Eurozone industrial production fell 2.5% in September, considerably larger than analysts' estimates of a 1.9% decline and the largest fall since January 2009.
The data add to evidence that the eurozone economy is heading back into recession as deteriorating economic conditions spread from deficit-fighting countries to previously robust-growing countries such as Germany.
Output fell 3.2% in France, 2.5% in Spain, 2.3% in Germany and 1.5% in Italy. A series of surprisingly strong increases in output earlier in the summer, linked mainly to what looks like a temporary hike in car production in several countries, is therefore giving way to a steep downturn in factory activity across the region, as has been indicated for some time by business surveys such as Markit's PMI series and European Commission-sponsored surveys such as those conducted by IFO and INSEE in Germany and France respectively.

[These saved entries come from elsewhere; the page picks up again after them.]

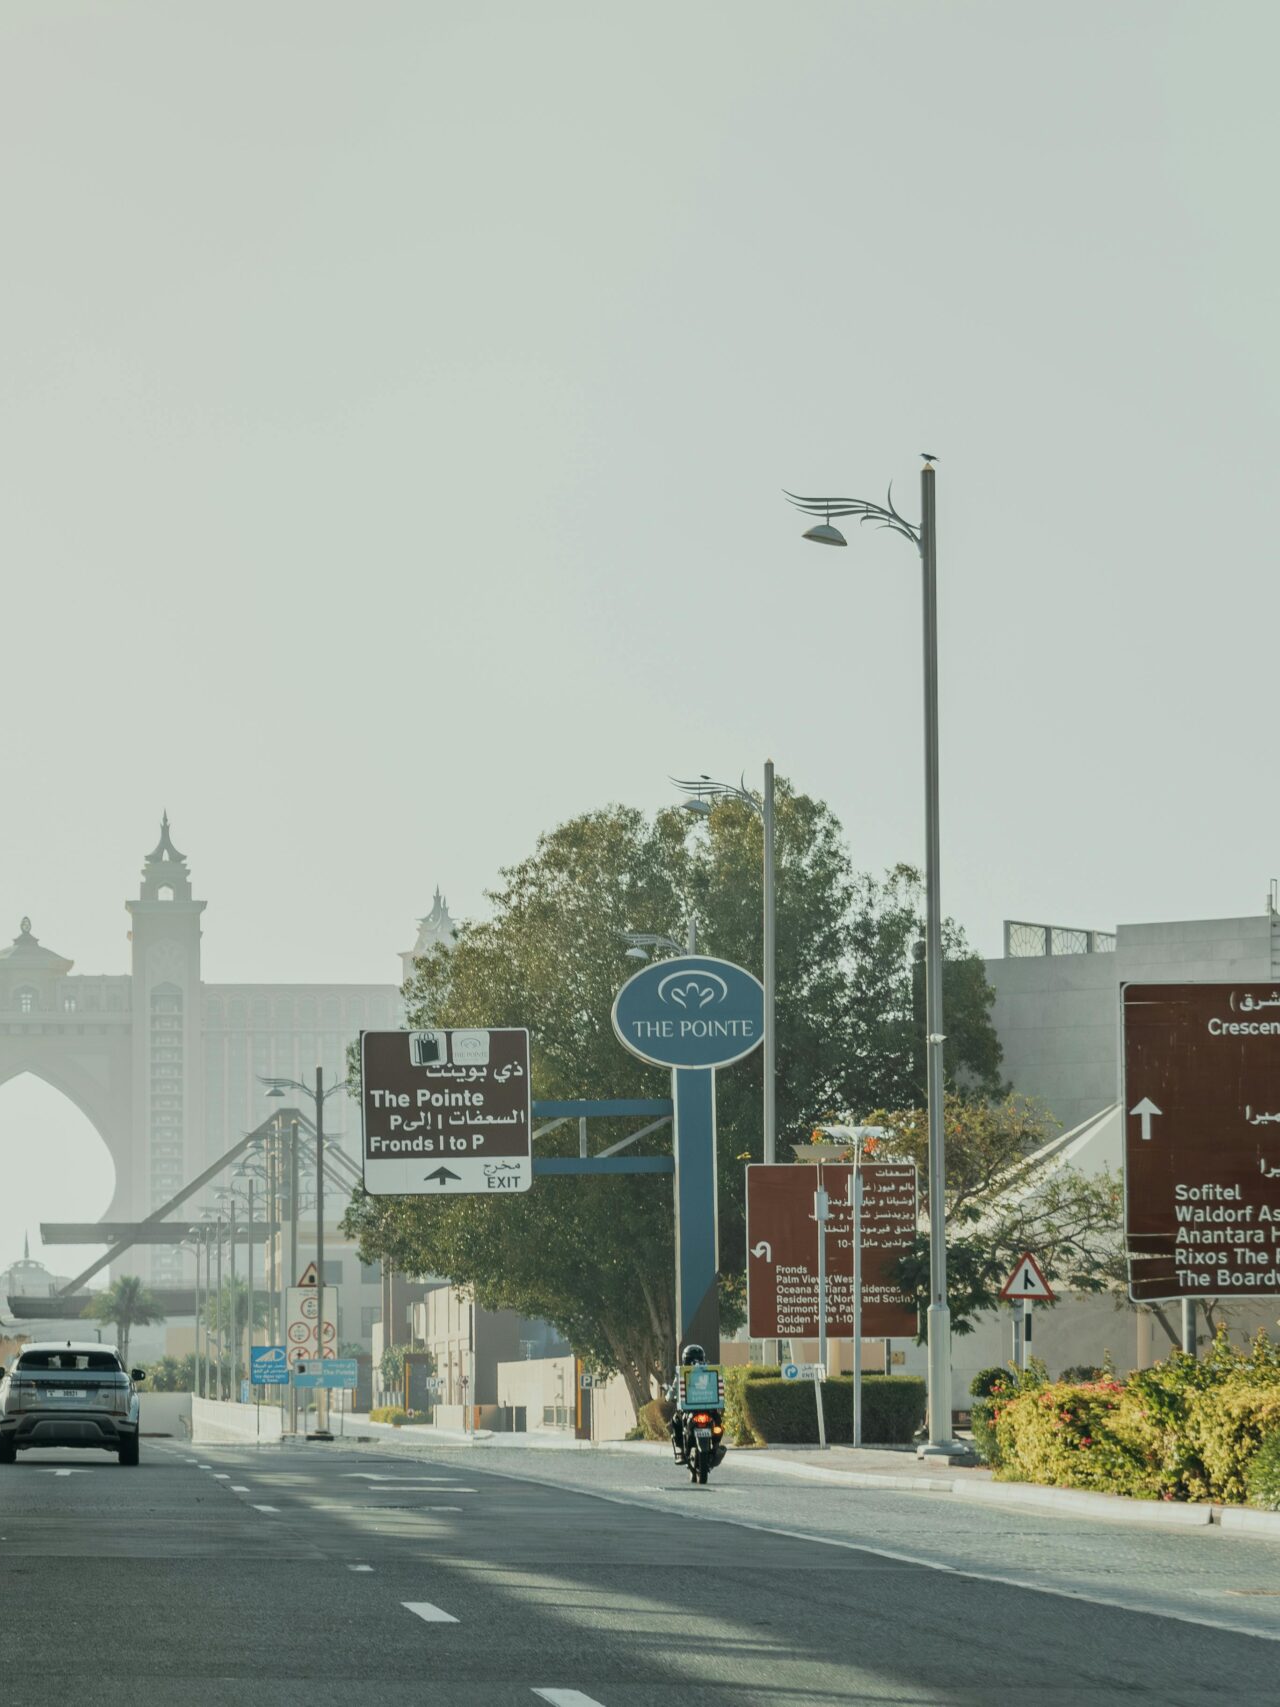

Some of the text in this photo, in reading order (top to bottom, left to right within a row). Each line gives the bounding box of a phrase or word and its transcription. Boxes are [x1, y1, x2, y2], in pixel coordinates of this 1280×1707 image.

[632, 1020, 754, 1038] THE POINTE
[426, 1061, 524, 1083] ذي بوينت
[370, 1089, 484, 1108] The Pointe
[449, 1109, 525, 1126] السعفات
[370, 1136, 434, 1152] Fronds
[449, 1136, 467, 1150] to
[472, 1134, 485, 1150] P
[483, 1160, 521, 1177] مخرج
[487, 1176, 521, 1189] EXIT
[1175, 1184, 1242, 1200] Sofitel
[1175, 1205, 1253, 1222] Waldorf
[1175, 1226, 1265, 1244] Anantara
[1175, 1248, 1228, 1265] Rixos
[1233, 1248, 1269, 1265] The
[776, 1265, 808, 1274] Fronds
[776, 1275, 800, 1284] Palm
[1175, 1270, 1211, 1287] The
[776, 1285, 812, 1294] Oceana
[849, 1285, 901, 1294] Rsidences
[863, 1295, 880, 1303] and
[776, 1304, 818, 1313] Fairmont
[824, 1304, 837, 1313] he
[777, 1315, 854, 1324] Golden Mle 1-10
[777, 1325, 804, 1334] Dubai
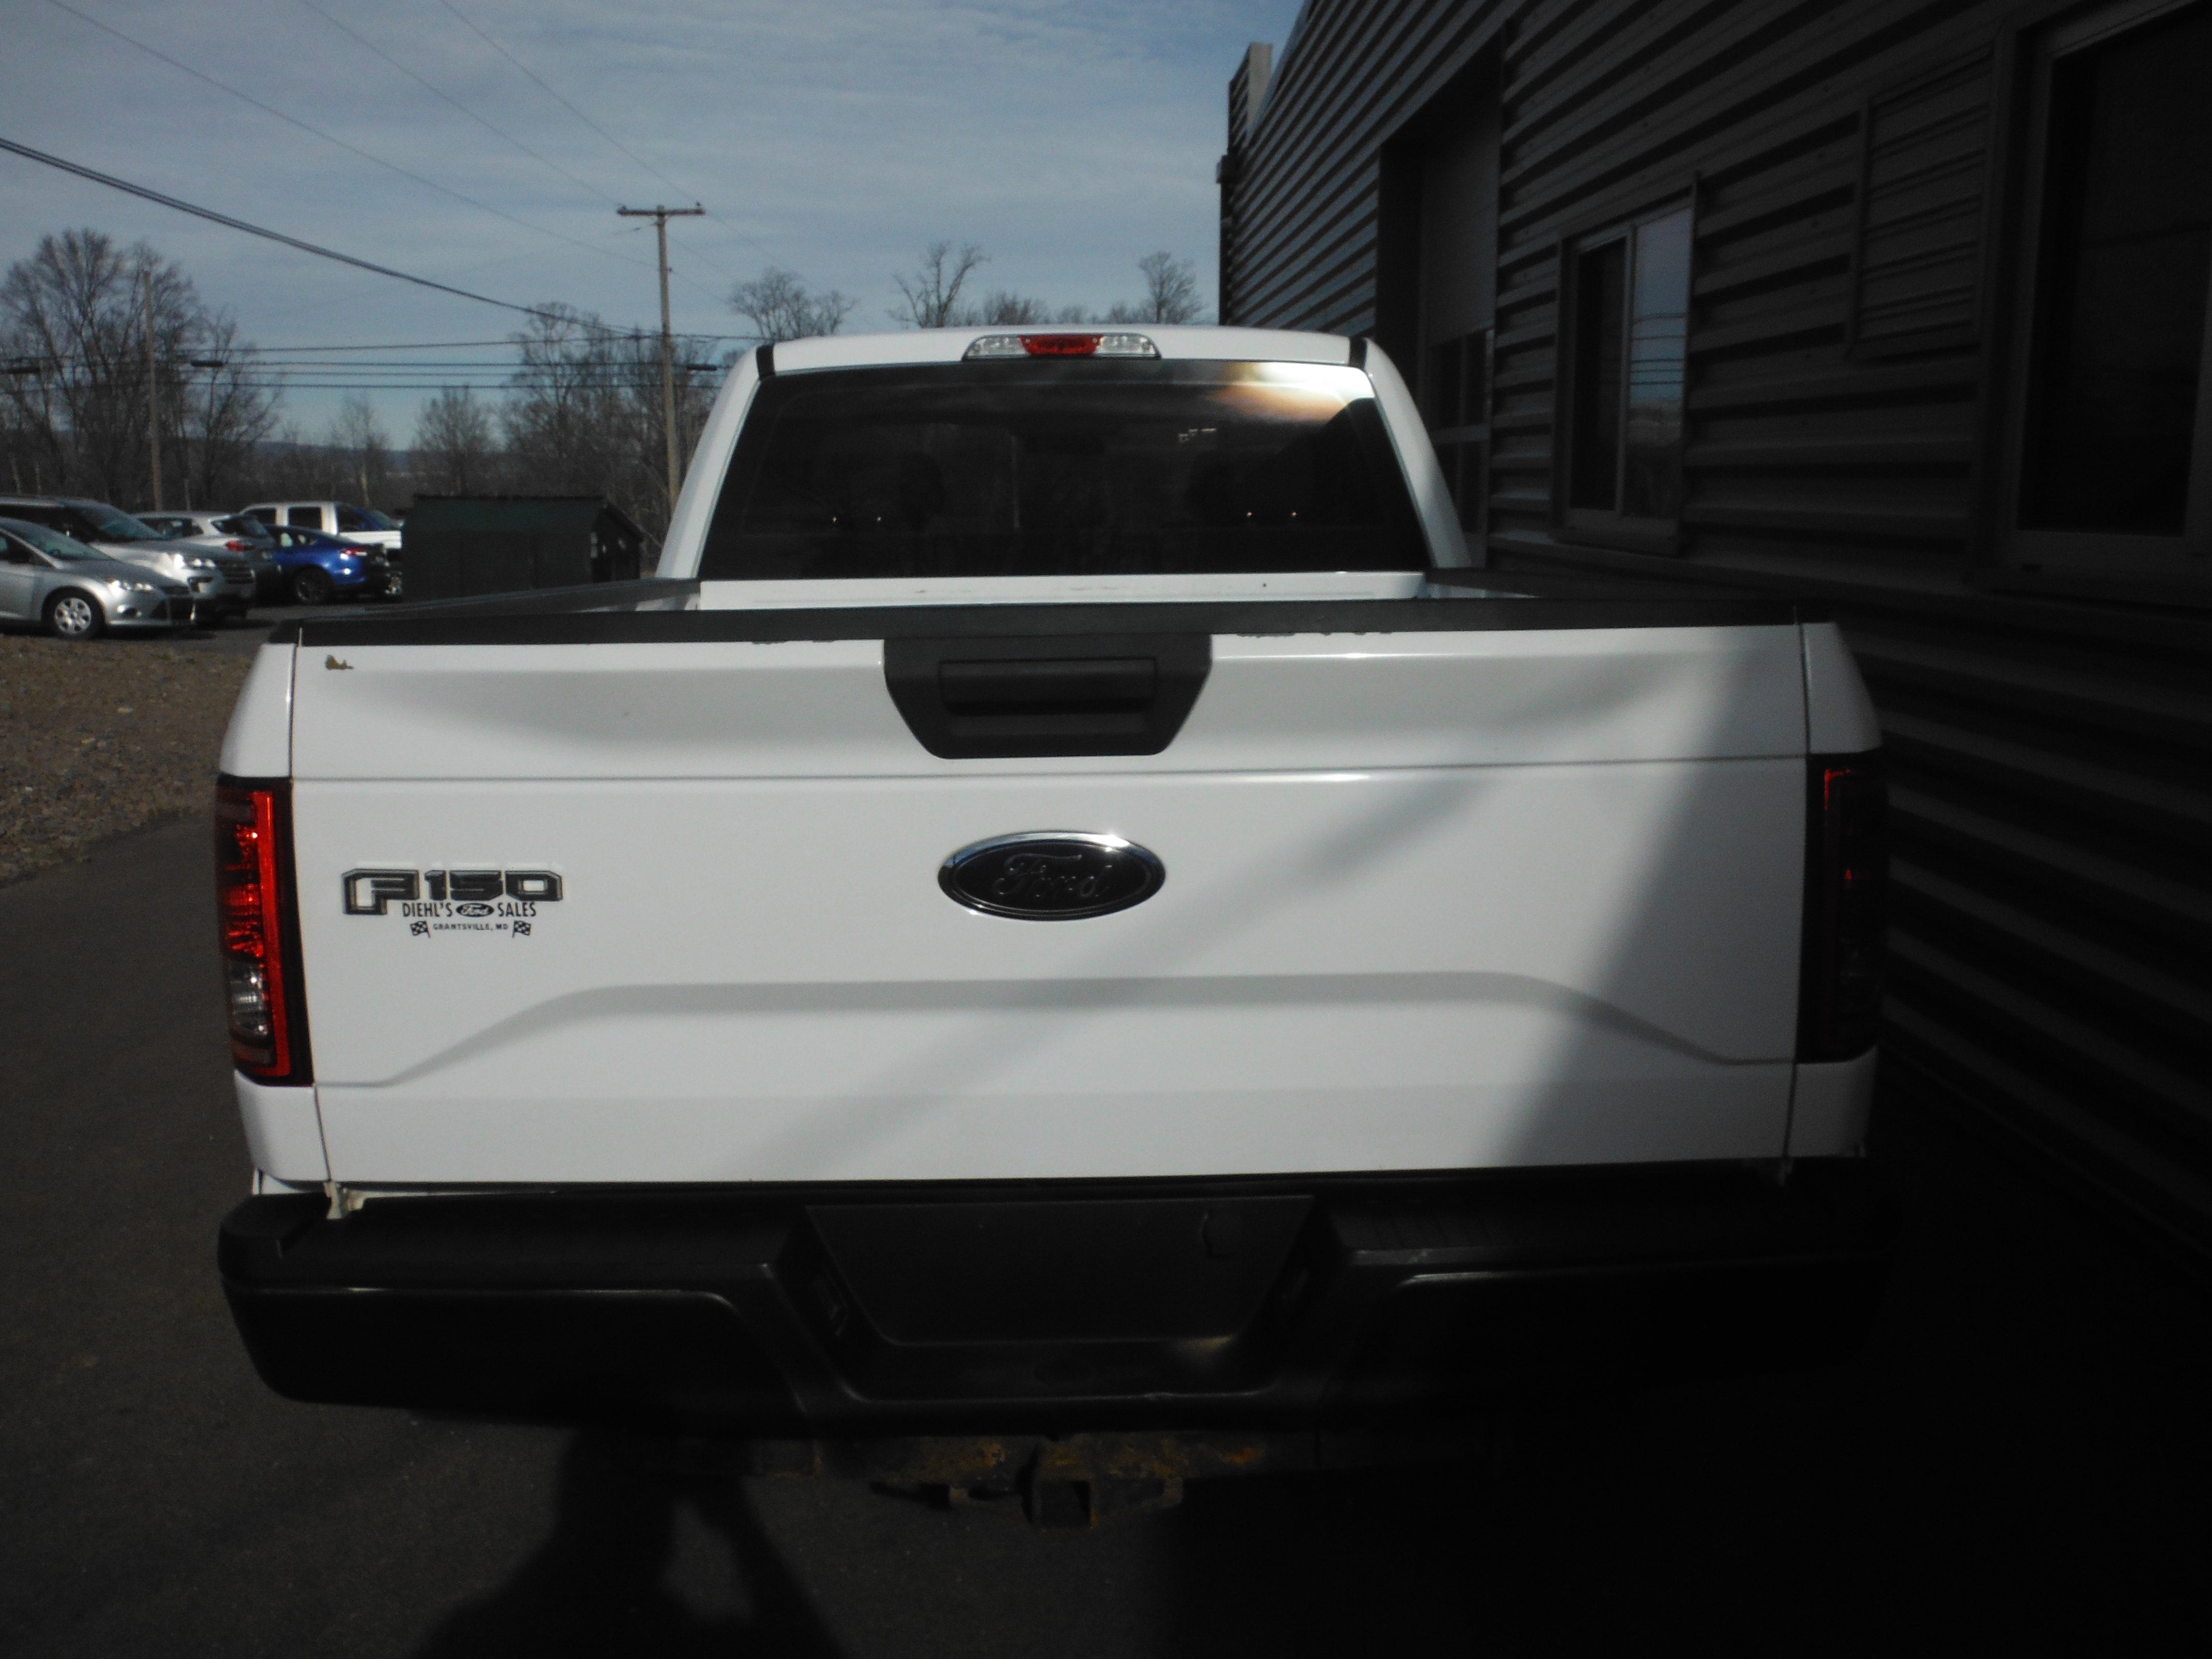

The downturn persisted with strong momentum in October, according to the PMIs, with output dropping in all major euro member states, including Germany. The steep fall in production will probably do little to change the views among policymakers at the ECB that a further easing of policy is warranted.
The ECB watches the survey data closely, and the weakness of the surveys has been a key factor behind the ECB already taking policy to what President Mario Draghi considers an appropriately accommodative stance. Draghi has already recognised that the economy is weak and will remain so for some time. The ECB is therefore likely to continue to put the onus firmly on the shoulders of national governments to implement reforms and take advantage of the OMT facility the ECB has offered, rather than feel pressured into undertaking more stimulus measures.